Work required
Without any images, write the data out exactly as it appears.

Input data
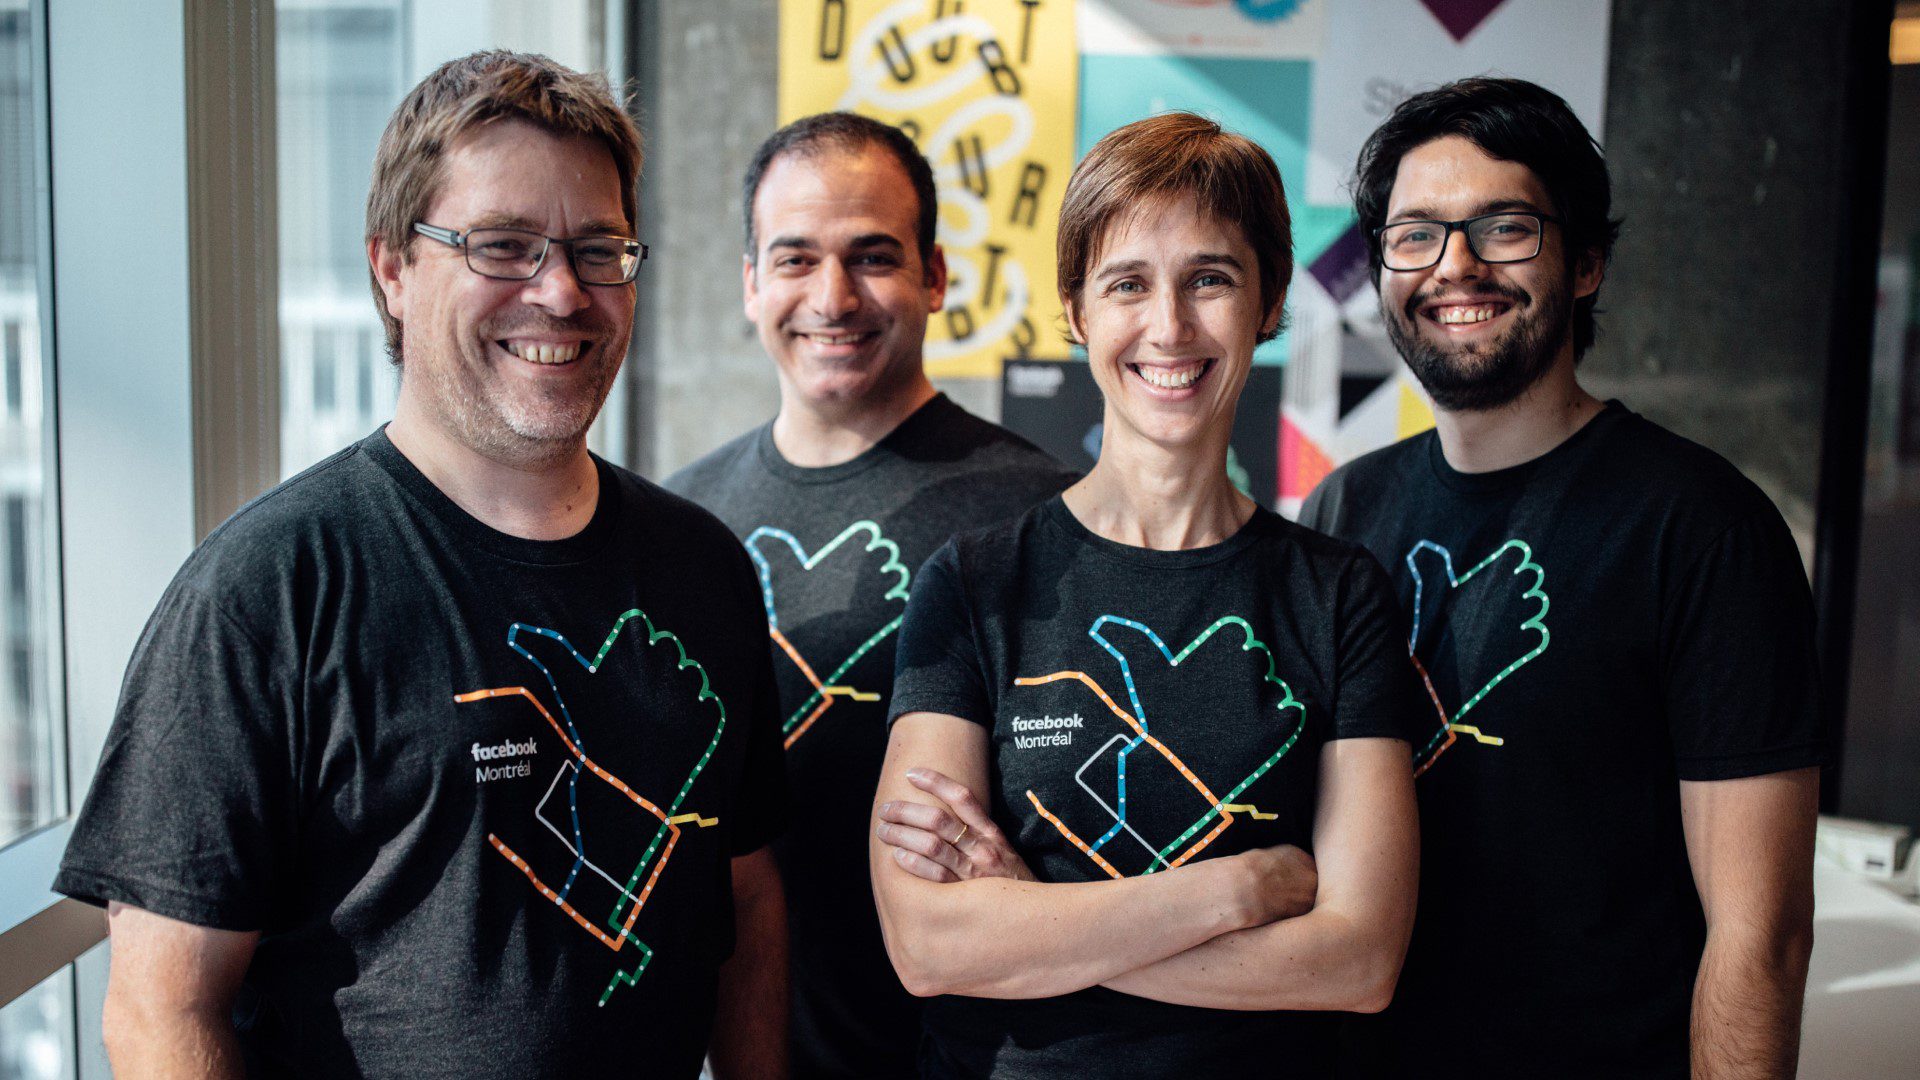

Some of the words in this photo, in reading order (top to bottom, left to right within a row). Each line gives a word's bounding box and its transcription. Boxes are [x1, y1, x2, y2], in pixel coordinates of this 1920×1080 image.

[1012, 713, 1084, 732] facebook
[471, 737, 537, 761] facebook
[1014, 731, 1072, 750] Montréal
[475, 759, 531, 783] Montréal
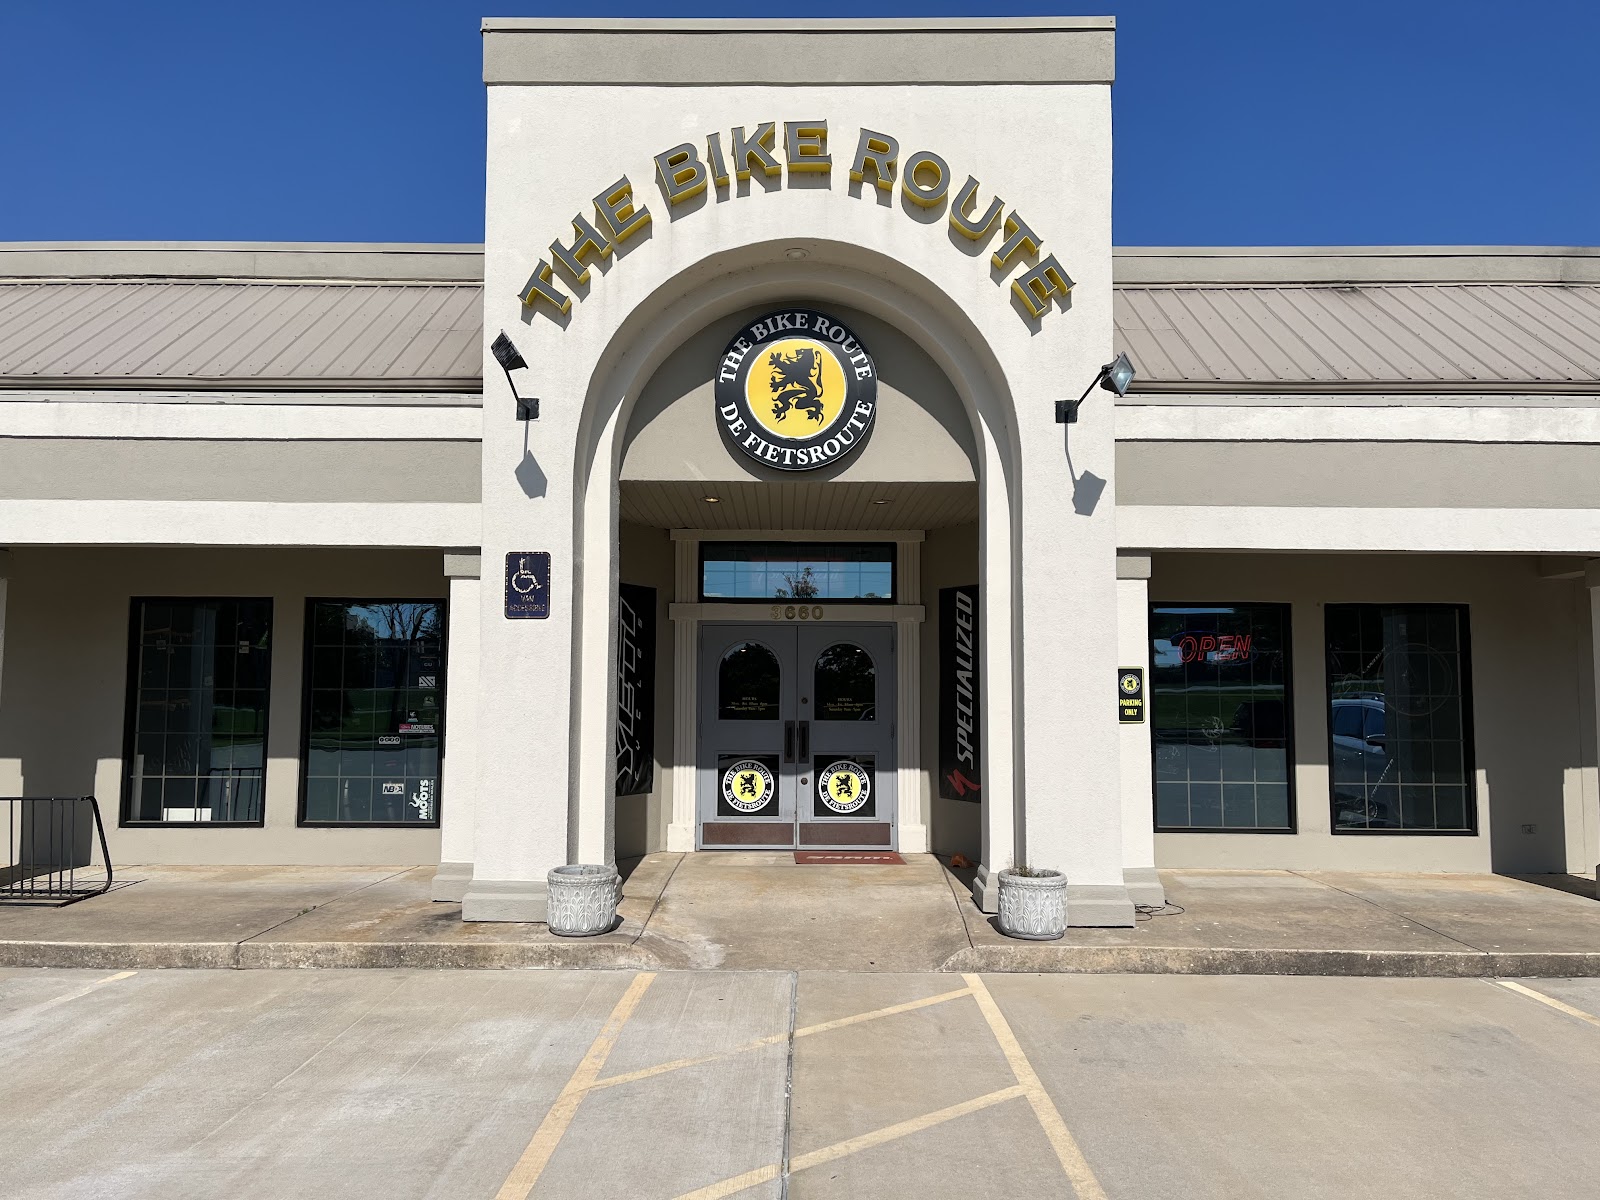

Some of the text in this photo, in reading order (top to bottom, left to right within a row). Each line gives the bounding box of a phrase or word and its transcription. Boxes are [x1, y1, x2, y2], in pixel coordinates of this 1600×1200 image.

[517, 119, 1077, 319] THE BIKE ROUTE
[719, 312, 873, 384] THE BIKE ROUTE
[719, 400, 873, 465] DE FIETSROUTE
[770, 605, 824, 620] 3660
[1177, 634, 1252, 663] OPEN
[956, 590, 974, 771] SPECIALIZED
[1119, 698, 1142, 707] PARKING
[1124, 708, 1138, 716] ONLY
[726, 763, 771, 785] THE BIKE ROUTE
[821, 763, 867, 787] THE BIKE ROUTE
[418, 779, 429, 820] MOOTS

Response to the exercise
Some of the words in this photo, in reading order (top to bottom, left to right within a row). Each line gives a word's bounding box and its transcription. Boxes are [x1, y1, x2, y2], in pixel coordinates of this 1920×1080 image.

[1012, 713, 1084, 732] facebook
[471, 737, 537, 761] facebook
[1014, 731, 1072, 750] Montréal
[475, 759, 531, 783] Montréal

Some of the text in this photo, in reading order (top to bottom, left to right within a row). Each line gives the bounding box of a phrase or word and its transcription. Boxes are [x1, y1, x2, y2], in pixel coordinates of this 1600×1200 image.

[517, 119, 1077, 319] THE BIKE ROUTE
[719, 312, 873, 384] THE BIKE ROUTE
[719, 400, 873, 465] DE FIETSROUTE
[770, 605, 824, 620] 3660
[1177, 634, 1252, 663] OPEN
[956, 590, 974, 771] SPECIALIZED
[1119, 698, 1142, 707] PARKING
[1124, 708, 1138, 716] ONLY
[726, 763, 771, 785] THE BIKE ROUTE
[821, 763, 867, 787] THE BIKE ROUTE
[418, 779, 429, 820] MOOTS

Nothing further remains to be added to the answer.